** Your task **
What is needed is an exact copy of every entry below.

═════ Supplied data ═════

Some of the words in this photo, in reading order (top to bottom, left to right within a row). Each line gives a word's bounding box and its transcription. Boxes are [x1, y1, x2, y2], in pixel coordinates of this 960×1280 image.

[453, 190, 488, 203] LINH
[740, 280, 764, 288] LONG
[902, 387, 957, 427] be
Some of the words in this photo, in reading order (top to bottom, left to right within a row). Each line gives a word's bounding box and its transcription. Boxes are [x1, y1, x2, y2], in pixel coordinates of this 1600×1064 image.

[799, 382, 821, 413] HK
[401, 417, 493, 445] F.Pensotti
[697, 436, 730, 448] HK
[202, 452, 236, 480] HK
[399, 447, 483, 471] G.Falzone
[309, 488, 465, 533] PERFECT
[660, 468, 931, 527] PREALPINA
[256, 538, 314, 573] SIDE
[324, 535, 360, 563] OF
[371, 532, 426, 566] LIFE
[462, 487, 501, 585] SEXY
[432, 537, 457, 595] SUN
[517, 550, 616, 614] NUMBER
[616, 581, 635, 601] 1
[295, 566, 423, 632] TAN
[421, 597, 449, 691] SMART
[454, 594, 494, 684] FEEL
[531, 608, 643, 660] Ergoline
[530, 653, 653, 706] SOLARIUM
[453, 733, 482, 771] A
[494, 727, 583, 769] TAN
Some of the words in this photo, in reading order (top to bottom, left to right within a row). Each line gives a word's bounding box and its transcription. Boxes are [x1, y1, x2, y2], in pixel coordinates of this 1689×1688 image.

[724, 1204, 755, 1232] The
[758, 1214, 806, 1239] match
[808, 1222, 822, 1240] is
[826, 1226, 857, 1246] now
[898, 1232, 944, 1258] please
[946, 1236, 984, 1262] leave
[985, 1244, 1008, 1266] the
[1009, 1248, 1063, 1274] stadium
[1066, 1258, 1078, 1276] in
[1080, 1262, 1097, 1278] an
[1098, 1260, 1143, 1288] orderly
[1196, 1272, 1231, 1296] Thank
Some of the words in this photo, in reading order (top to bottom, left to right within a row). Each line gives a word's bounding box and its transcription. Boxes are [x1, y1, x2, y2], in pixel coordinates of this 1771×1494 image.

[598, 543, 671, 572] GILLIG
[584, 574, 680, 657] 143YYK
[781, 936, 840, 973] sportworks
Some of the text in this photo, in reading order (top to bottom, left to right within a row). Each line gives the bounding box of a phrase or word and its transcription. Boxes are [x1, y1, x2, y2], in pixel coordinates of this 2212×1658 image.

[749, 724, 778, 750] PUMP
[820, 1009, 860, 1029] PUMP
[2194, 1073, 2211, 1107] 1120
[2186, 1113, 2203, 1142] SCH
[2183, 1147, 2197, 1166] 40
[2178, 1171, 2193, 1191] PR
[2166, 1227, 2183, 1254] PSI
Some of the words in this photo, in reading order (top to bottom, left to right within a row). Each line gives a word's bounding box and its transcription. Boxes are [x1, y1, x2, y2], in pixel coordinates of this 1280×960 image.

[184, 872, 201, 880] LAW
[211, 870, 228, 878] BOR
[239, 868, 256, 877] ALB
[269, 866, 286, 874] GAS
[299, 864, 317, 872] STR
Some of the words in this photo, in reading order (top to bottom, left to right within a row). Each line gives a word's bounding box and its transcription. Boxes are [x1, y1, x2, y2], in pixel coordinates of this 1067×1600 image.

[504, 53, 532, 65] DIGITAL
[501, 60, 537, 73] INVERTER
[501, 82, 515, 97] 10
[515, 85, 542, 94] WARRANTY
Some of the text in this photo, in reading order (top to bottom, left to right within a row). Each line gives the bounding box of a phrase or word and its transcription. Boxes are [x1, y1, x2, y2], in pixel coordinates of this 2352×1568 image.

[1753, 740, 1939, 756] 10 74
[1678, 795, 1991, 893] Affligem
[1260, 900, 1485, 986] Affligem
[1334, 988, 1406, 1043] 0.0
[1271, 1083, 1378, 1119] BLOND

═════

** Solution for this problem **
Some of the words in this photo, in reading order (top to bottom, left to right within a row). Each line gives a word's bounding box and its transcription. Boxes are [x1, y1, x2, y2], in pixel coordinates of this 960×1280 image.

[453, 190, 488, 203] LINH
[740, 280, 764, 288] LONG
[902, 387, 957, 427] be
Some of the words in this photo, in reading order (top to bottom, left to right within a row). Each line gives a word's bounding box and its transcription. Boxes are [x1, y1, x2, y2], in pixel coordinates of this 1600×1064 image.

[799, 382, 821, 413] HK
[401, 417, 493, 445] F.Pensotti
[697, 436, 730, 448] HK
[202, 452, 236, 480] HK
[399, 447, 483, 471] G.Falzone
[309, 488, 465, 533] PERFECT
[660, 468, 931, 527] PREALPINA
[256, 538, 314, 573] SIDE
[324, 535, 360, 563] OF
[371, 532, 426, 566] LIFE
[462, 487, 501, 585] SEXY
[432, 537, 457, 595] SUN
[517, 550, 616, 614] NUMBER
[616, 581, 635, 601] 1
[295, 566, 423, 632] TAN
[421, 597, 449, 691] SMART
[454, 594, 494, 684] FEEL
[531, 608, 643, 660] Ergoline
[530, 653, 653, 706] SOLARIUM
[453, 733, 482, 771] A
[494, 727, 583, 769] TAN
Some of the words in this photo, in reading order (top to bottom, left to right within a row). Each line gives a word's bounding box and its transcription. Boxes are [x1, y1, x2, y2], in pixel coordinates of this 1689×1688 image.

[724, 1204, 755, 1232] The
[758, 1214, 806, 1239] match
[808, 1222, 822, 1240] is
[826, 1226, 857, 1246] now
[898, 1232, 944, 1258] please
[946, 1236, 984, 1262] leave
[985, 1244, 1008, 1266] the
[1009, 1248, 1063, 1274] stadium
[1066, 1258, 1078, 1276] in
[1080, 1262, 1097, 1278] an
[1098, 1260, 1143, 1288] orderly
[1196, 1272, 1231, 1296] Thank
Some of the words in this photo, in reading order (top to bottom, left to right within a row). Each line gives a word's bounding box and its transcription. Boxes are [x1, y1, x2, y2], in pixel coordinates of this 1771×1494 image.

[598, 543, 671, 572] GILLIG
[584, 574, 680, 657] 143YYK
[781, 936, 840, 973] sportworks
Some of the text in this photo, in reading order (top to bottom, left to right within a row). Each line gives the bounding box of a phrase or word and its transcription. Boxes are [x1, y1, x2, y2], in pixel coordinates of this 2212×1658 image.

[749, 724, 778, 750] PUMP
[820, 1009, 860, 1029] PUMP
[2194, 1073, 2211, 1107] 1120
[2186, 1113, 2203, 1142] SCH
[2183, 1147, 2197, 1166] 40
[2178, 1171, 2193, 1191] PR
[2166, 1227, 2183, 1254] PSI
Some of the words in this photo, in reading order (top to bottom, left to right within a row). Each line gives a word's bounding box and its transcription. Boxes are [x1, y1, x2, y2], in pixel coordinates of this 1280×960 image.

[184, 872, 201, 880] LAW
[211, 870, 228, 878] BOR
[239, 868, 256, 877] ALB
[269, 866, 286, 874] GAS
[299, 864, 317, 872] STR
Some of the words in this photo, in reading order (top to bottom, left to right within a row). Each line gives a word's bounding box and its transcription. Boxes are [x1, y1, x2, y2], in pixel coordinates of this 1067×1600 image.

[504, 53, 532, 65] DIGITAL
[501, 60, 537, 73] INVERTER
[501, 82, 515, 97] 10
[515, 85, 542, 94] WARRANTY
Some of the text in this photo, in reading order (top to bottom, left to right within a row). Each line gives the bounding box of a phrase or word and its transcription. Boxes are [x1, y1, x2, y2], in pixel coordinates of this 2352×1568 image.

[1753, 740, 1939, 756] 10 74
[1678, 795, 1991, 893] Affligem
[1260, 900, 1485, 986] Affligem
[1334, 988, 1406, 1043] 0.0
[1271, 1083, 1378, 1119] BLOND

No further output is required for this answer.